TASK MATERIAL Block Start
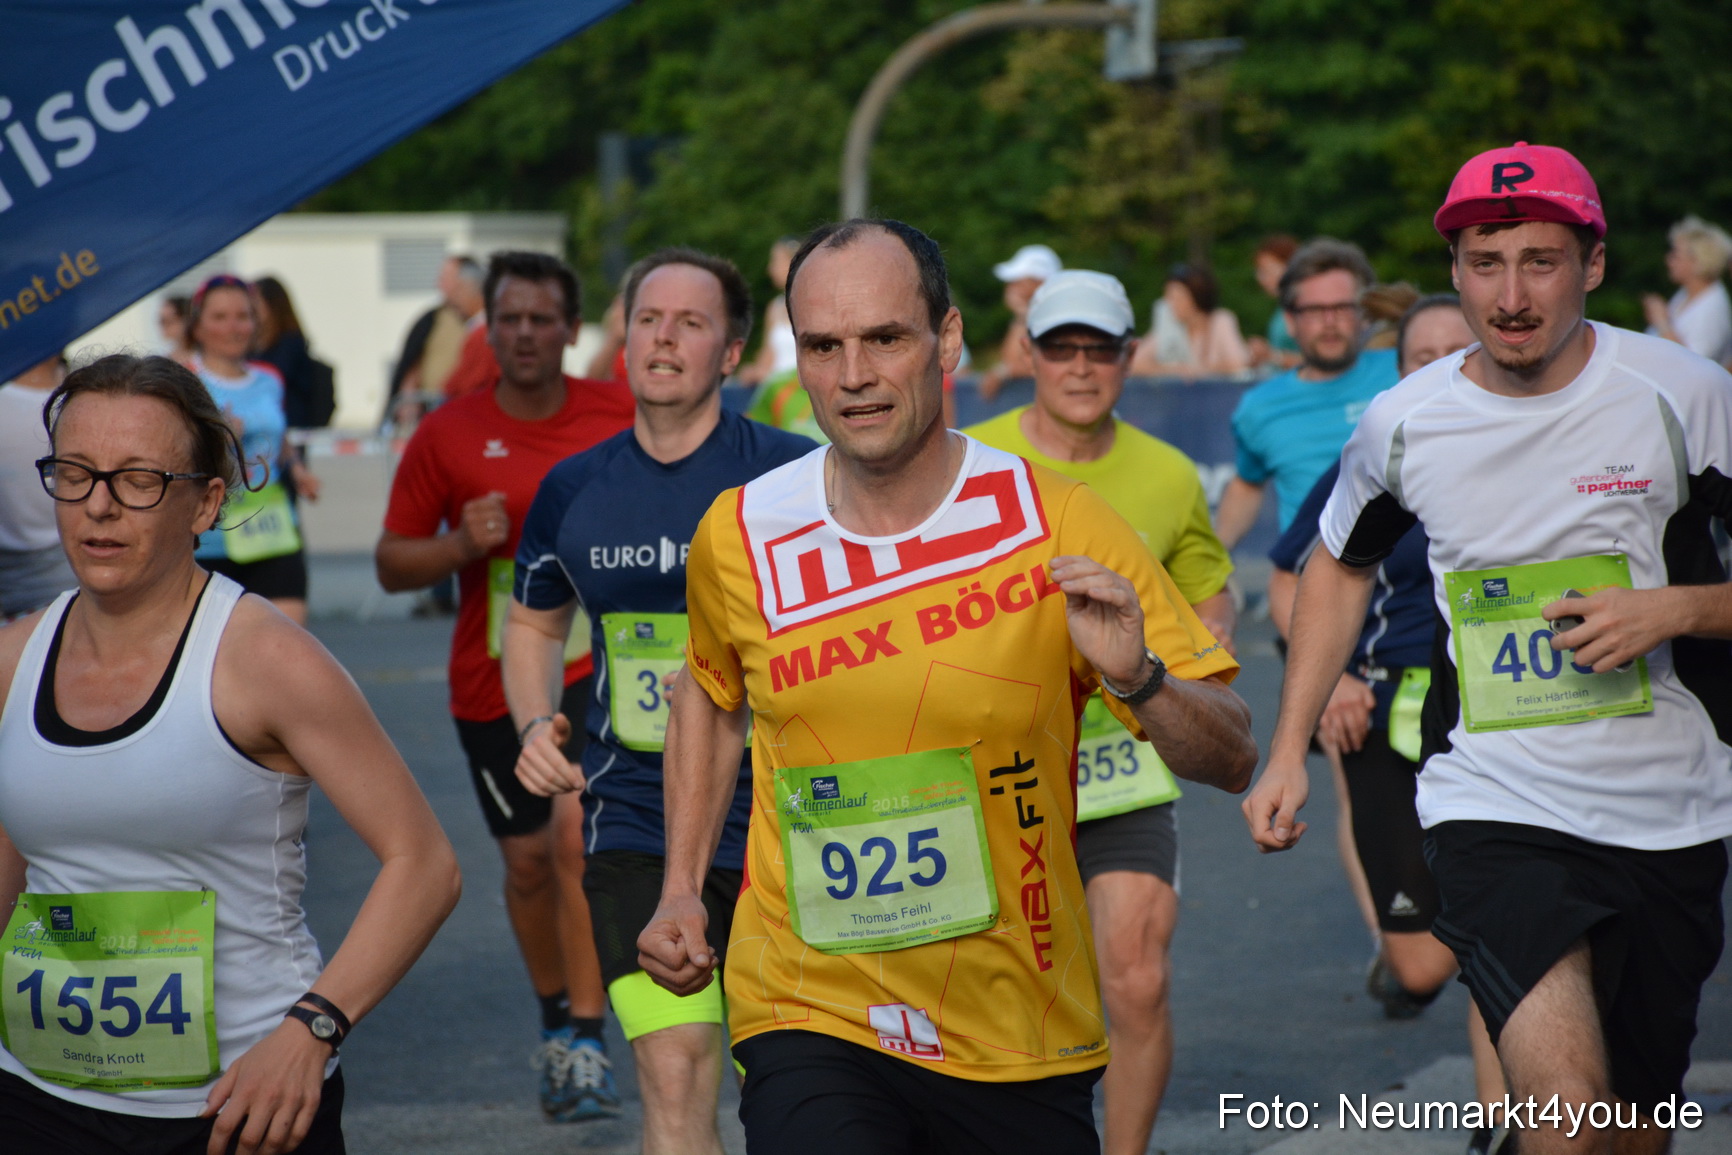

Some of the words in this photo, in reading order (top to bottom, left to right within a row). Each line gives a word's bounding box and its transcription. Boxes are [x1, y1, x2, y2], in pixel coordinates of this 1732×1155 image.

[272, 0, 411, 92] Druck
[1491, 161, 1535, 194] R
[1570, 473, 1625, 486] guttenberger
[1605, 465, 1635, 475] TEAM
[1587, 479, 1653, 495] partner
[1604, 487, 1649, 498] LICHTWERBUNG
[590, 545, 655, 570] EURO
[1475, 591, 1535, 609] firmenlauf
[769, 619, 902, 694] MAX
[916, 563, 1061, 646] BÖGL
[1516, 695, 1543, 706] Felix
[1545, 689, 1589, 703] Härtlein
[803, 792, 868, 812] firmenlauf
[872, 795, 911, 813] 2016
[821, 827, 947, 900] 925
[851, 910, 898, 926] Thomas
[900, 902, 932, 919] Feihl
[837, 931, 850, 939] Max
[851, 929, 865, 939] Bögl
[866, 926, 900, 937] Bauservice
[900, 920, 921, 931] GmbH
[941, 914, 952, 922] KG
[17, 969, 192, 1038] 1554
[62, 1048, 104, 1065] Sandra
[107, 1053, 146, 1065] Knott
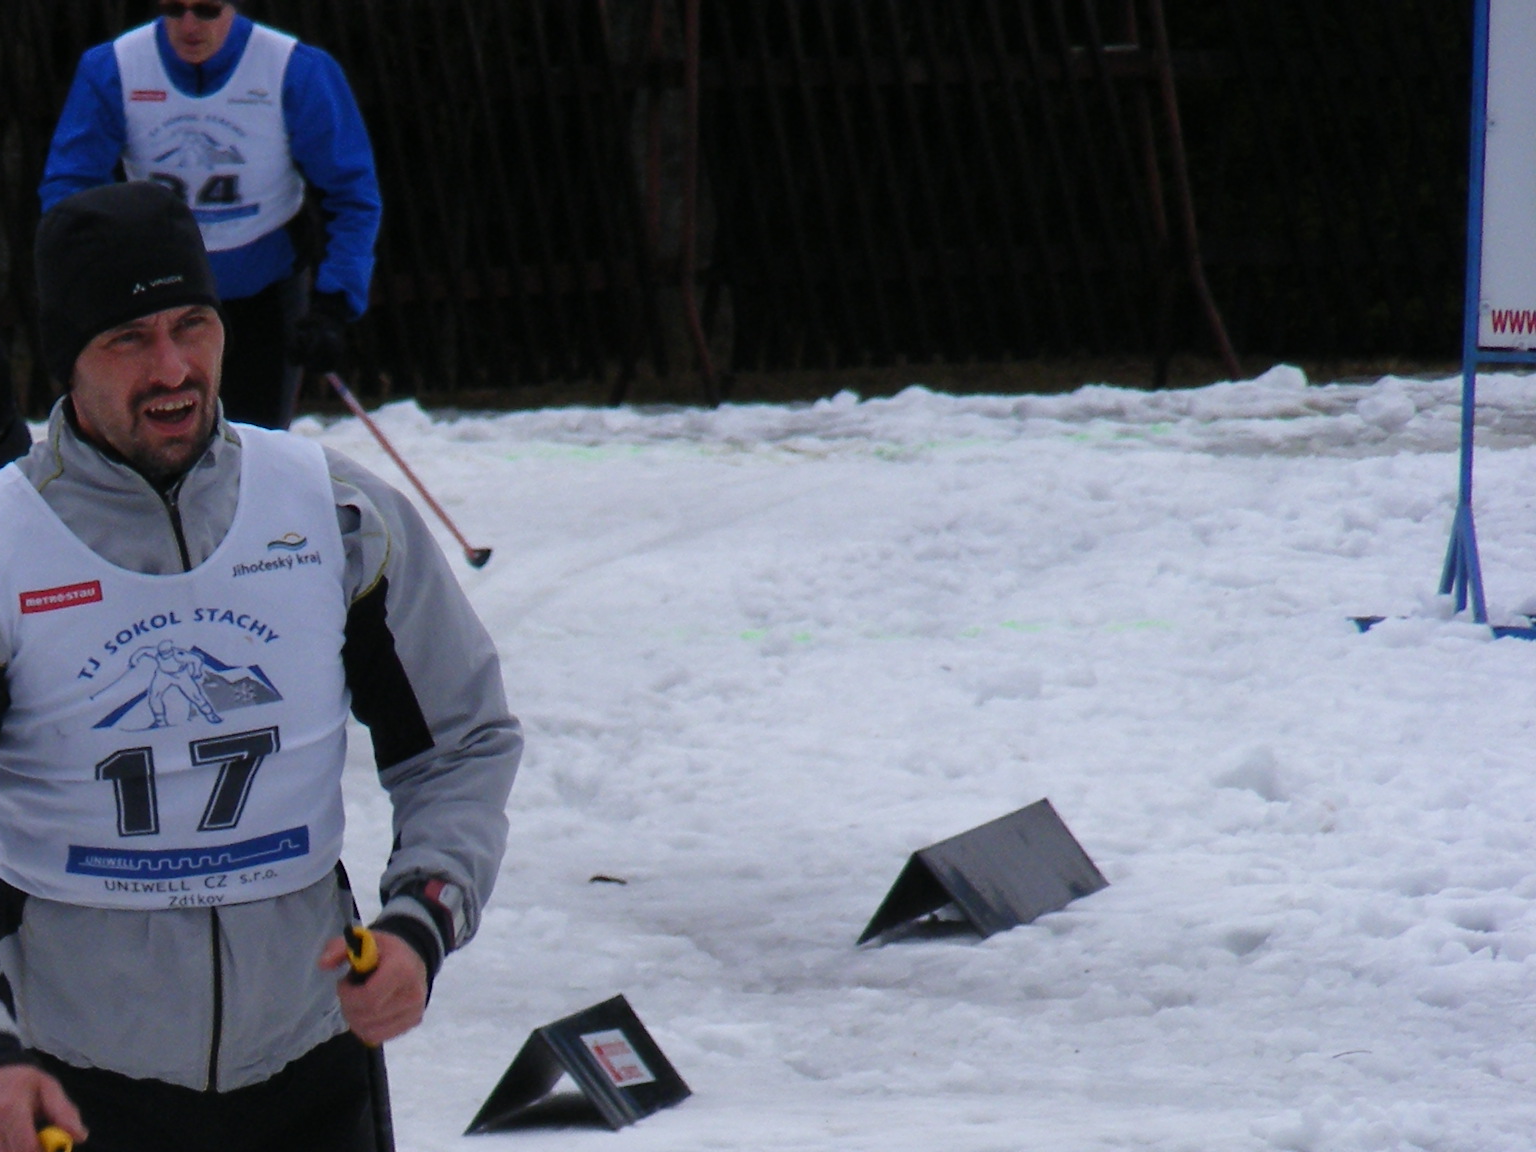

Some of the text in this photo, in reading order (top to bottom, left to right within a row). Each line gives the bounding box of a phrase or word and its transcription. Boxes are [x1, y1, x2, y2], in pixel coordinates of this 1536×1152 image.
TASK MATERIAL Block End
THE TASK -
Please return the entries above exactly as they appear, but without the pictures.

EXERCISE ANSWER -
Some of the words in this photo, in reading order (top to bottom, left to right within a row). Each line gives a word's bounding box and its transcription. Boxes are [x1, y1, x2, y2], in pixel coordinates of this 1732×1155 image.

[272, 0, 411, 92] Druck
[1491, 161, 1535, 194] R
[1570, 473, 1625, 486] guttenberger
[1605, 465, 1635, 475] TEAM
[1587, 479, 1653, 495] partner
[1604, 487, 1649, 498] LICHTWERBUNG
[590, 545, 655, 570] EURO
[1475, 591, 1535, 609] firmenlauf
[769, 619, 902, 694] MAX
[916, 563, 1061, 646] BÖGL
[1516, 695, 1543, 706] Felix
[1545, 689, 1589, 703] Härtlein
[803, 792, 868, 812] firmenlauf
[872, 795, 911, 813] 2016
[821, 827, 947, 900] 925
[851, 910, 898, 926] Thomas
[900, 902, 932, 919] Feihl
[837, 931, 850, 939] Max
[851, 929, 865, 939] Bögl
[866, 926, 900, 937] Bauservice
[900, 920, 921, 931] GmbH
[941, 914, 952, 922] KG
[17, 969, 192, 1038] 1554
[62, 1048, 104, 1065] Sandra
[107, 1053, 146, 1065] Knott

Some of the text in this photo, in reading order (top to bottom, left to right within a row). Each line gives the bounding box of a phrase or word and its transcription. Boxes are [x1, y1, x2, y2], in pixel coordinates of this 1536×1152 image.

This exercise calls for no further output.